• _Task goal_: From the line containing "this 2000×1380 image." onward to the last line of the data below, copy each line exactly and add nothing.

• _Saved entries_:

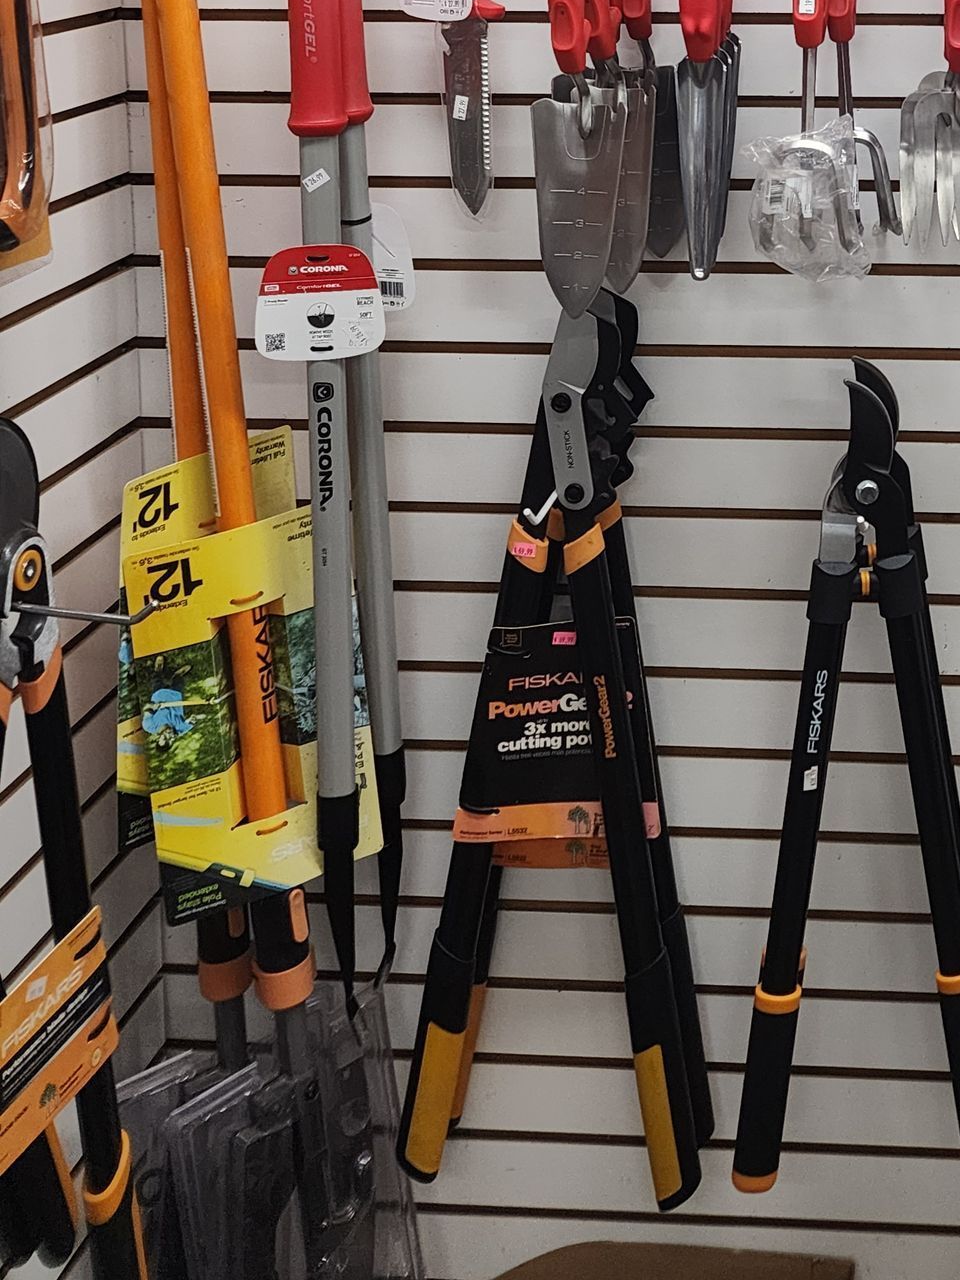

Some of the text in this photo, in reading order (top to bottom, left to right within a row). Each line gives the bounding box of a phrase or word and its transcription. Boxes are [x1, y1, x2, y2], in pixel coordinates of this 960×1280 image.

[576, 187, 586, 195] 4
[617, 198, 626, 207] 3
[575, 219, 584, 228] 3
[616, 229, 625, 238] 2
[572, 251, 583, 260] 2
[299, 265, 349, 274] CORONA
[296, 283, 342, 291] ComfortGEL
[255, 440, 286, 455] Warranty
[563, 430, 575, 469] NON-STICK
[250, 449, 286, 466] Full Lifeti
[317, 407, 334, 507] CORONA
[132, 481, 180, 534] 12'
[131, 523, 166, 542] Extends to
[287, 529, 313, 542] fetime
[143, 556, 203, 607] 12'
[252, 606, 279, 724] FISKA
[508, 671, 584, 692] FISKA
[488, 693, 588, 720] PowerGe
[806, 669, 829, 754] FISKARS
[592, 674, 617, 759] PowerGear2
[524, 721, 547, 736] 3x
[497, 734, 563, 753] cutting
[202, 891, 223, 905] Pole
[1, 963, 84, 1061] FISKARS
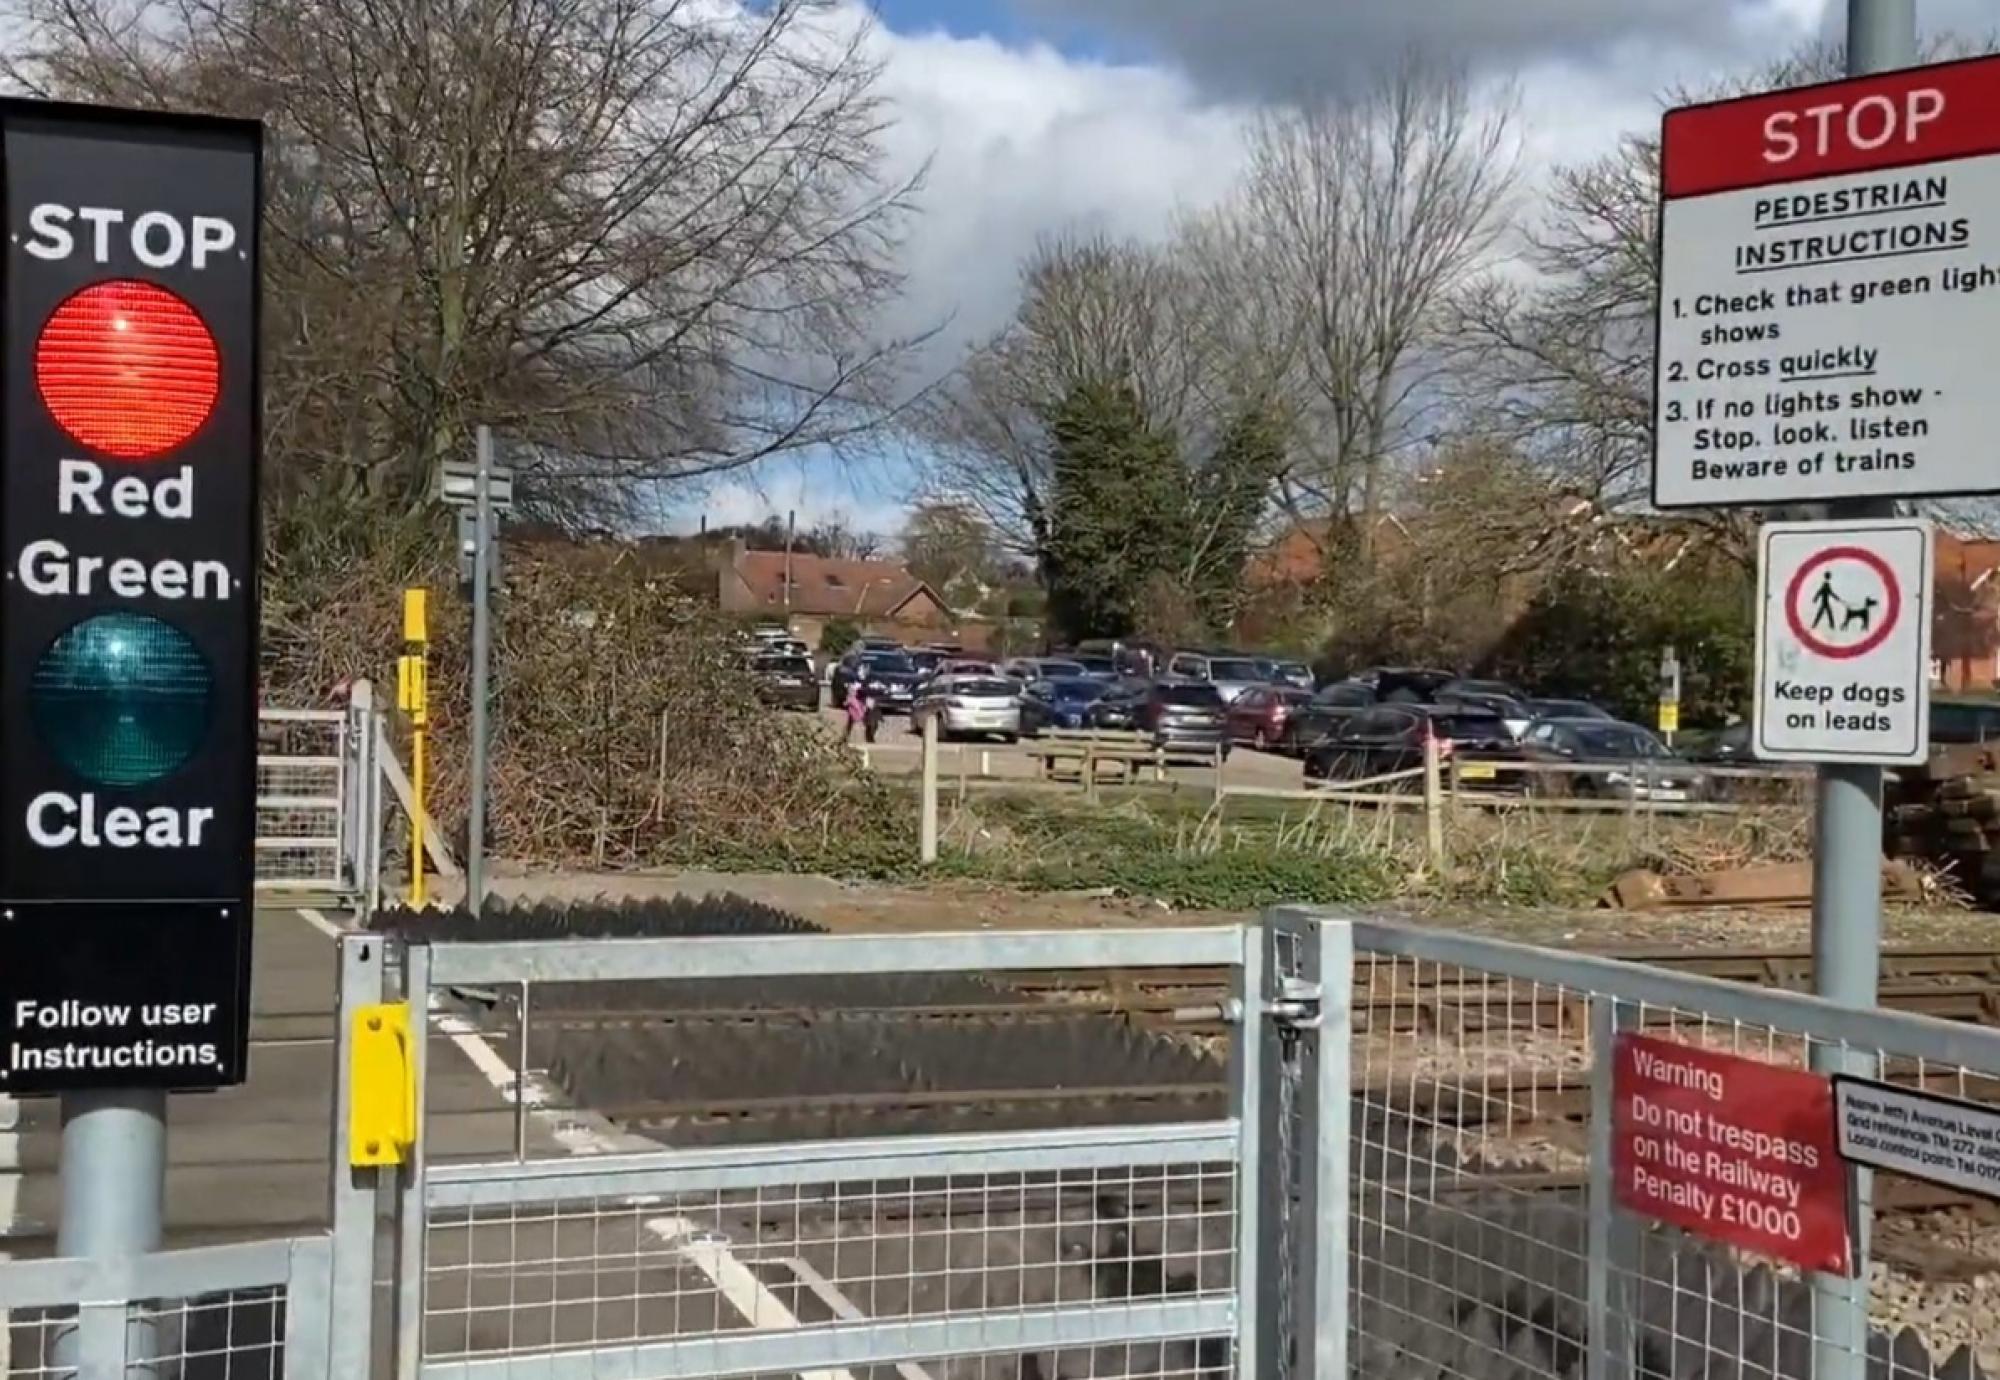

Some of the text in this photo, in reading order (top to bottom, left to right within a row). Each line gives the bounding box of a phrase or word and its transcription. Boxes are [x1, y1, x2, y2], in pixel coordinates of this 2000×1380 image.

[1762, 88, 1945, 163] STOP
[1755, 176, 1947, 222] PEDESTRIAN
[24, 203, 236, 270] STOP
[1736, 218, 1969, 267] INSTRUCTIONS
[1695, 289, 1775, 316] Check
[1786, 281, 1841, 307] that
[1851, 275, 1930, 303] green
[1943, 263, 2000, 293] ligh
[1701, 322, 1780, 345] shows
[1667, 345, 1878, 382] 2. Cross quickly
[1666, 401, 1688, 422] 3.
[1697, 399, 1714, 420] If
[1725, 401, 1754, 418] no
[1765, 391, 1840, 418] lights
[1850, 386, 1922, 409] show
[1851, 417, 1928, 440] listen
[1692, 448, 1915, 480] Beware of trains
[58, 459, 193, 519] Red
[18, 540, 229, 600] Green
[1774, 680, 1905, 707] Keep dogs
[1786, 710, 1891, 731] on leads
[26, 792, 214, 847] Clear
[15, 1000, 217, 1028] Follow user
[11, 1041, 217, 1071] Instructions
[1632, 1047, 1724, 1101] Warning
[1632, 1095, 1819, 1168] Do not trespass
[1633, 1136, 1801, 1208] on the Railway
[1633, 1166, 1801, 1240] Penalty £1000

• _Exercise response_:
Some of the text in this photo, in reading order (top to bottom, left to right within a row). Each line gives the bounding box of a phrase or word and its transcription. Boxes are [x1, y1, x2, y2], in pixel coordinates of this 2000×1380 image.

[1762, 88, 1945, 163] STOP
[1755, 176, 1947, 222] PEDESTRIAN
[24, 203, 236, 270] STOP
[1736, 218, 1969, 267] INSTRUCTIONS
[1695, 289, 1775, 316] Check
[1786, 281, 1841, 307] that
[1851, 275, 1930, 303] green
[1943, 263, 2000, 293] ligh
[1701, 322, 1780, 345] shows
[1667, 345, 1878, 382] 2. Cross quickly
[1666, 401, 1688, 422] 3.
[1697, 399, 1714, 420] If
[1725, 401, 1754, 418] no
[1765, 391, 1840, 418] lights
[1850, 386, 1922, 409] show
[1851, 417, 1928, 440] listen
[1692, 448, 1915, 480] Beware of trains
[58, 459, 193, 519] Red
[18, 540, 229, 600] Green
[1774, 680, 1905, 707] Keep dogs
[1786, 710, 1891, 731] on leads
[26, 792, 214, 847] Clear
[15, 1000, 217, 1028] Follow user
[11, 1041, 217, 1071] Instructions
[1632, 1047, 1724, 1101] Warning
[1632, 1095, 1819, 1168] Do not trespass
[1633, 1136, 1801, 1208] on the Railway
[1633, 1166, 1801, 1240] Penalty £1000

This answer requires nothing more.